Through the method of the above embodiment, the influence of the scene of the image on the recognition result of the target object item can be weakened as much as possible in the process of training the model, so that the trained model can be more effective in various existing scenes, even new scenes The high recognition accuracy improves the generalization ability of the target object classification model and reduces the training cost.

In some embodiments, the neural network model also includes a feature extraction network. The relationship between an exemplary neural network model and various modules in the model according to some embodiments of the present disclosure is shown in FIG. 2.

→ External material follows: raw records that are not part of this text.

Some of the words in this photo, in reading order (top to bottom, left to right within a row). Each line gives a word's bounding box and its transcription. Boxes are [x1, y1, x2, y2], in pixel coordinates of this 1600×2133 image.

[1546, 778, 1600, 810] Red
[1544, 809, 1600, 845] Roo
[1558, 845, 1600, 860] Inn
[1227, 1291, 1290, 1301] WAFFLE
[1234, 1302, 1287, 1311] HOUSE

In step S202, image features extracted and output from the training image by the feature extraction network are acquired.

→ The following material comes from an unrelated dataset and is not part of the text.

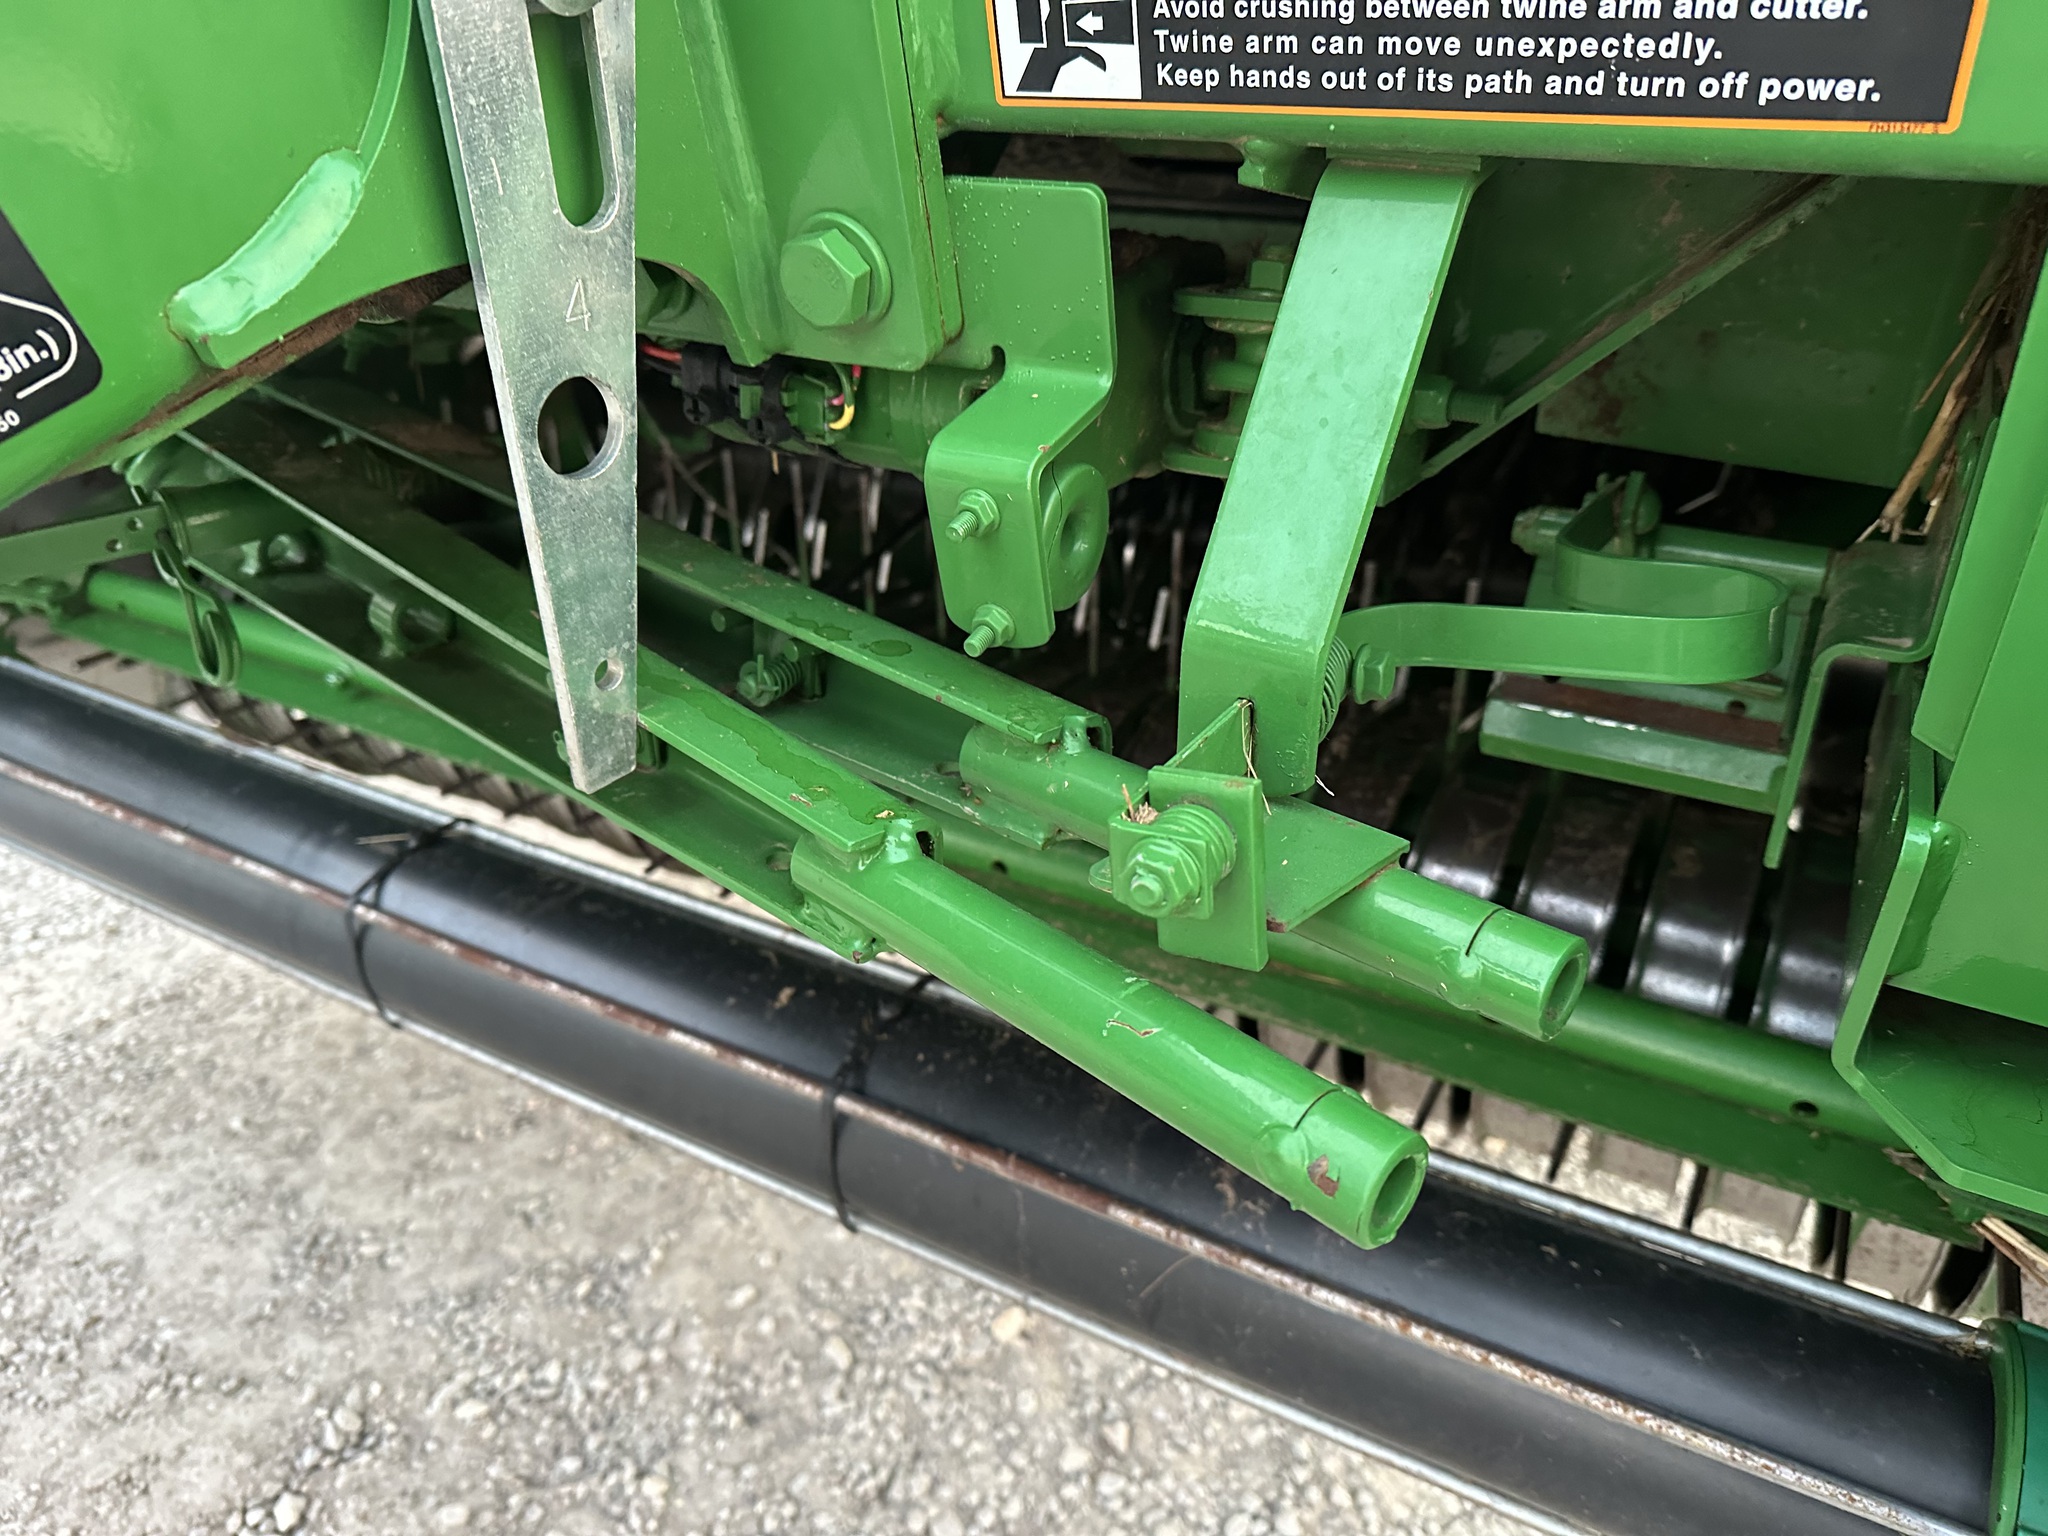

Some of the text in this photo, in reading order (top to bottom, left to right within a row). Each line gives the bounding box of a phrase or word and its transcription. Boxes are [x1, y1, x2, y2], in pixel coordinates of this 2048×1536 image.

[1153, 0, 1869, 25] Avoid crushing between twine arm and cutter.
[1153, 28, 1723, 66] Twine arm can move unexpectedly.
[1156, 62, 1881, 106] Keep hands out of its path and turn off power.
[564, 278, 592, 332] 4

In step S204, the image features are input to the target object classifier to obtain the first output.

In step S206, the image features are input to the scene negative classifier to obtain the second output.

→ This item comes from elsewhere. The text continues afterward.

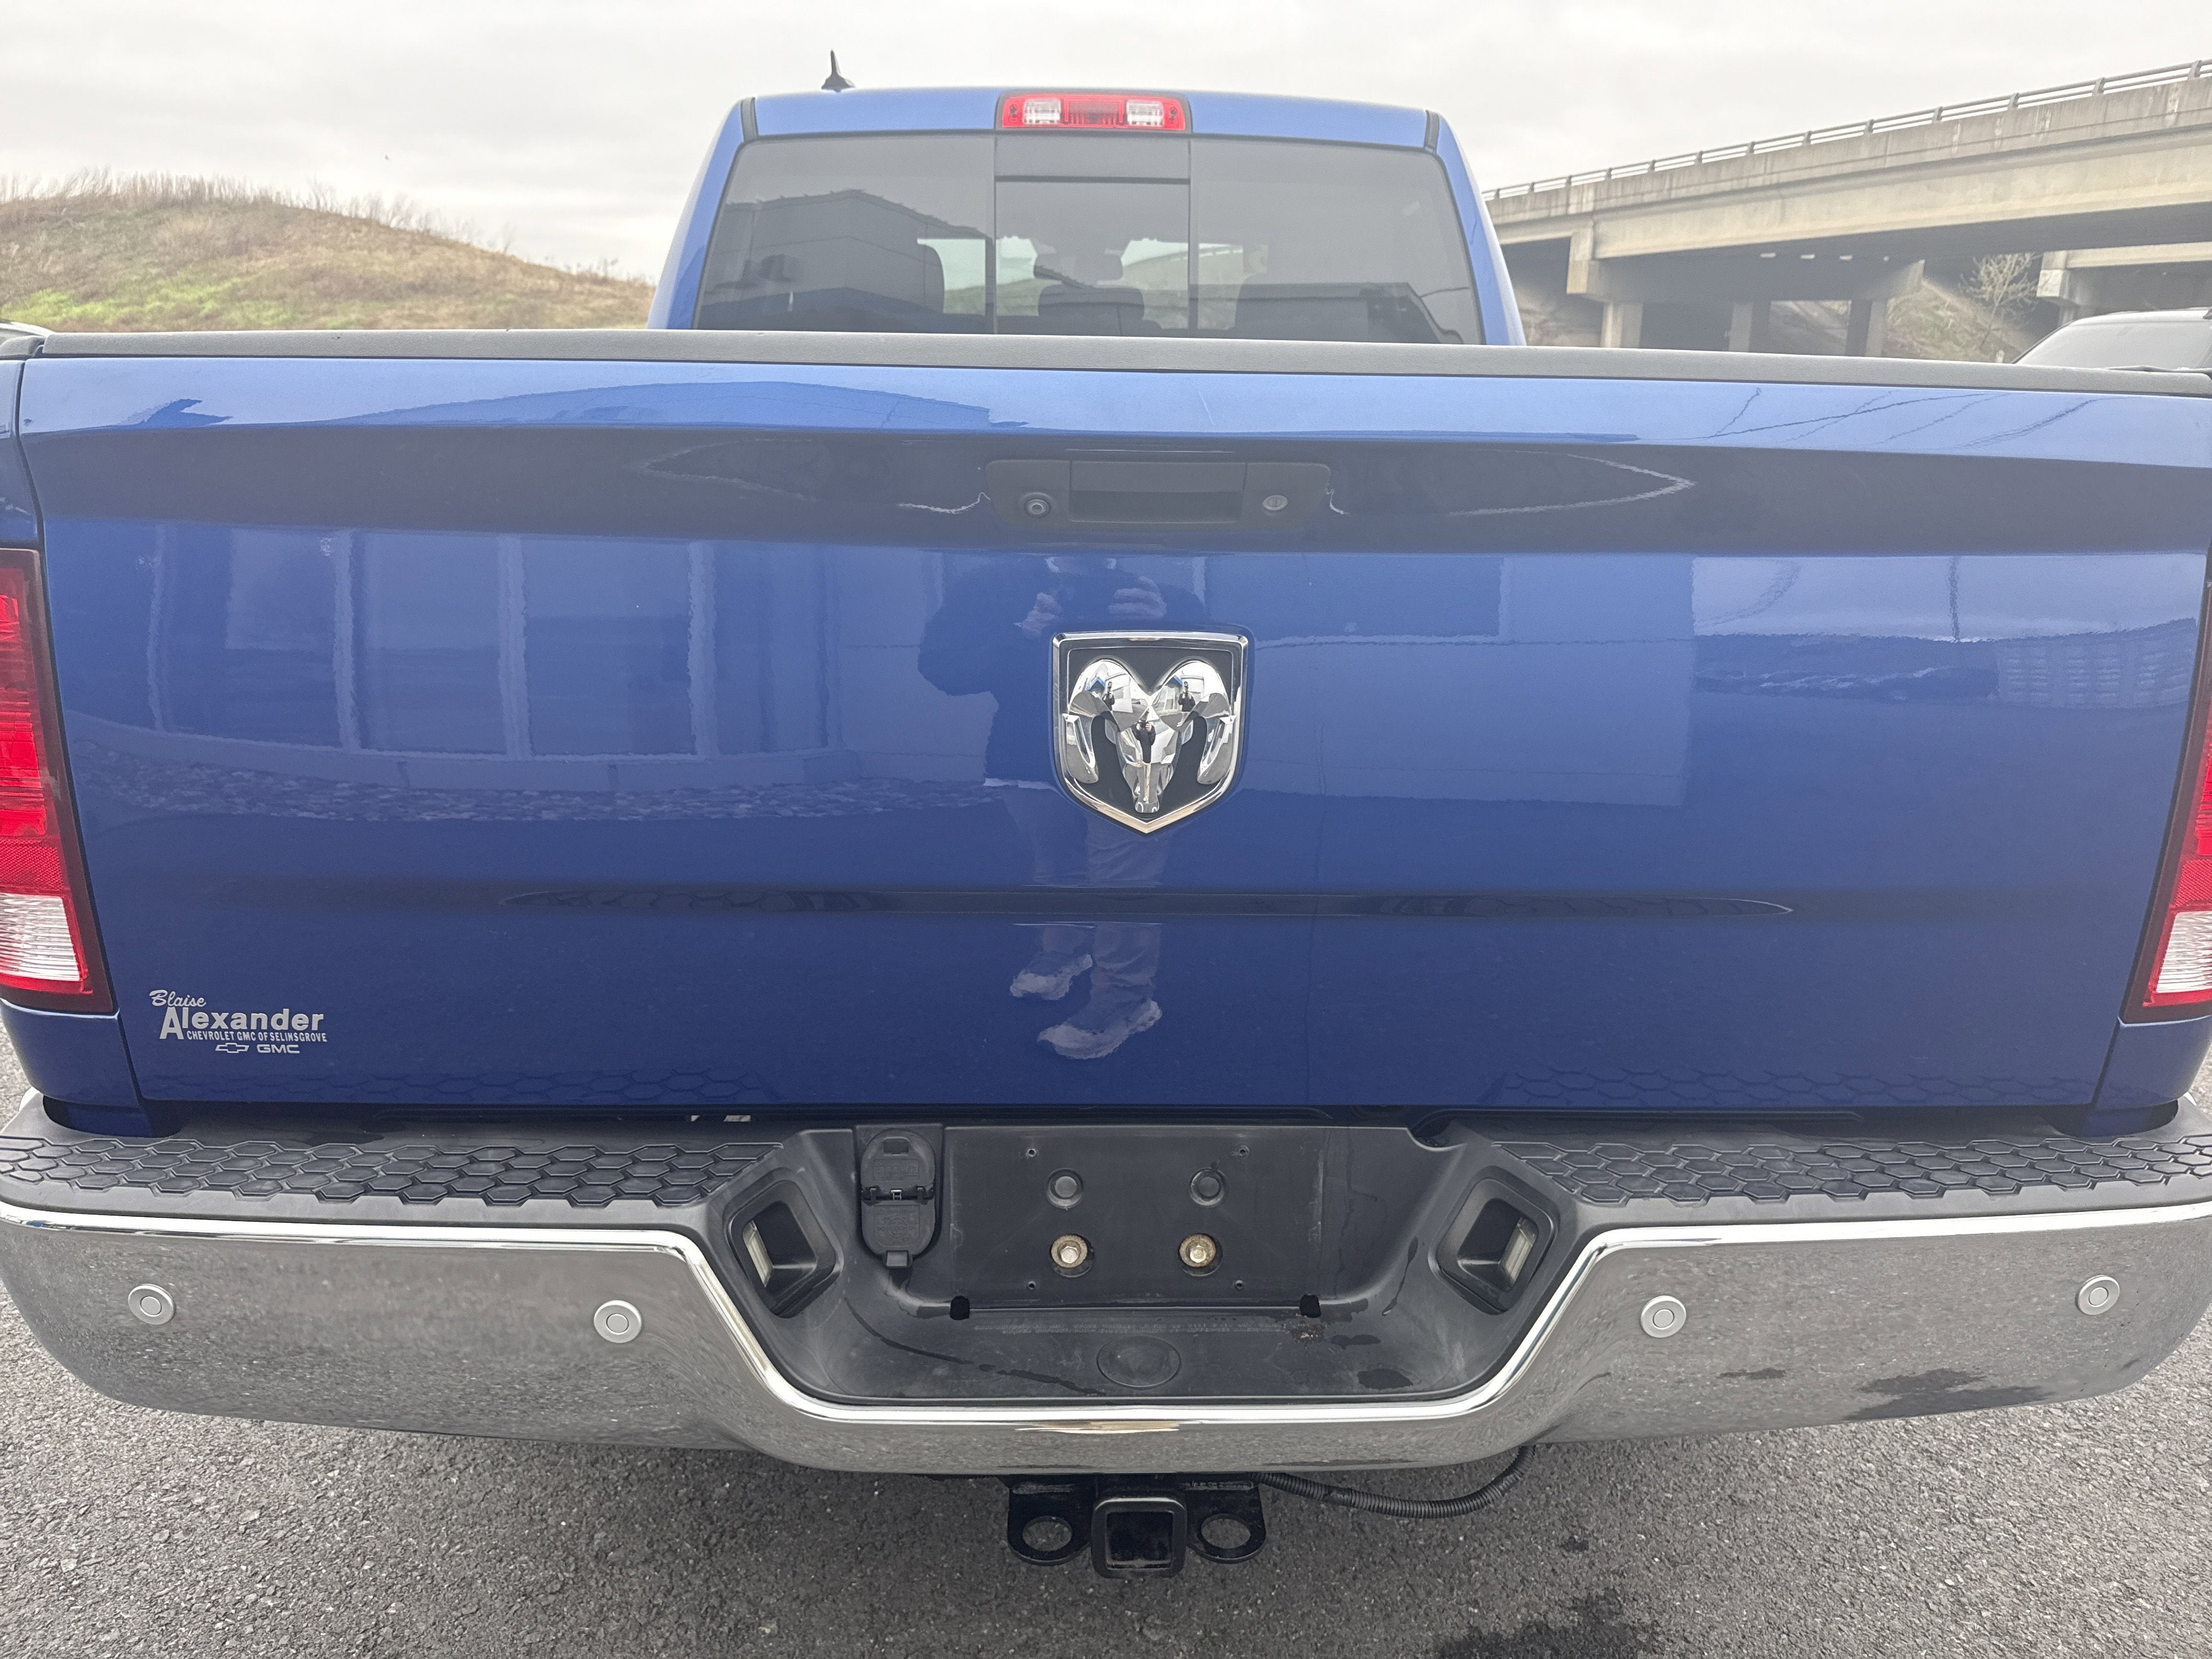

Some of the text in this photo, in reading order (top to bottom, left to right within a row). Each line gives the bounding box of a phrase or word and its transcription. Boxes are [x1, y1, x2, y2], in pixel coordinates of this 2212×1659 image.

[149, 989, 207, 1007] Blaise
[160, 1007, 324, 1040] Alexander
[187, 1030, 328, 1042] CHEVROLET GMC OF SELINSGROVE
[256, 1044, 300, 1054] GMC

Therefore, the target object classifier and the scene negative classifier can perform further classification processing based on the image features extracted in advance, which improves the calculation efficiency of the network.

In some embodiments, the negative classifier of the scene can be realized by inverting the gradient of the image features. For example, the scene negative classifier is implemented based on the scene positive classifier. The structure of the scene negative classifier is basically the same as the scene positive classifier, including the feature map layer, shallow neural network and scene classification layer, and the feature map layer, shallow neural network and scene classification layer are connected in sequence, as shown in Figure 3 . The feature mapping layer of the negative scene classifier is implemented by adding a negative weight coefficient to the feature mapping layer of the scene positive classifier. The product of the feature map layer and the weight coefficient of the negative classifier of the scene can also be regarded as a gradient inversion layer.

After processing the feature map layer of the negative classifier of the scene, the information input to the shallow neural network is the result of gradient inversion of the image features or image data; then, the shallow neural network extracts the information after the gradient inversion The "scene features" in "," the "scene features" are actually the result of multiplying the scene features of the original training image and the negative weight coefficients; finally, the scene classification layer outputs the results according to the "scene features".

In some embodiments, the target object classifier may have only one layer, so that a feature extraction network may be used to perform most of the processing in the target object classification process.

Since the negative classifier of the scene is only used for auxiliary training, after the model training is completed, only the target object classifier can be used for prediction. The embodiment of the target object classification method of the present disclosure is described below with reference to FIG. 4.

4 is a schematic flowchart of a target object classification method according to some embodiments of the present disclosure. As shown in FIG. 4, the target object classification method of this embodiment includes steps S402 to S404.

In step S402, the image to be tested is input into a target object classification model that has completed training.

In step S404, the output of the target object classifier of the target object classification model is used as the item recognition result of the target object in the image to be measured. For example, the image to be tested may be input into the feature extraction network of the target object classification model, and the feature extraction network inputs the extracted image features into the target object classifier. The scene negative classifier may not be used in the prediction stage.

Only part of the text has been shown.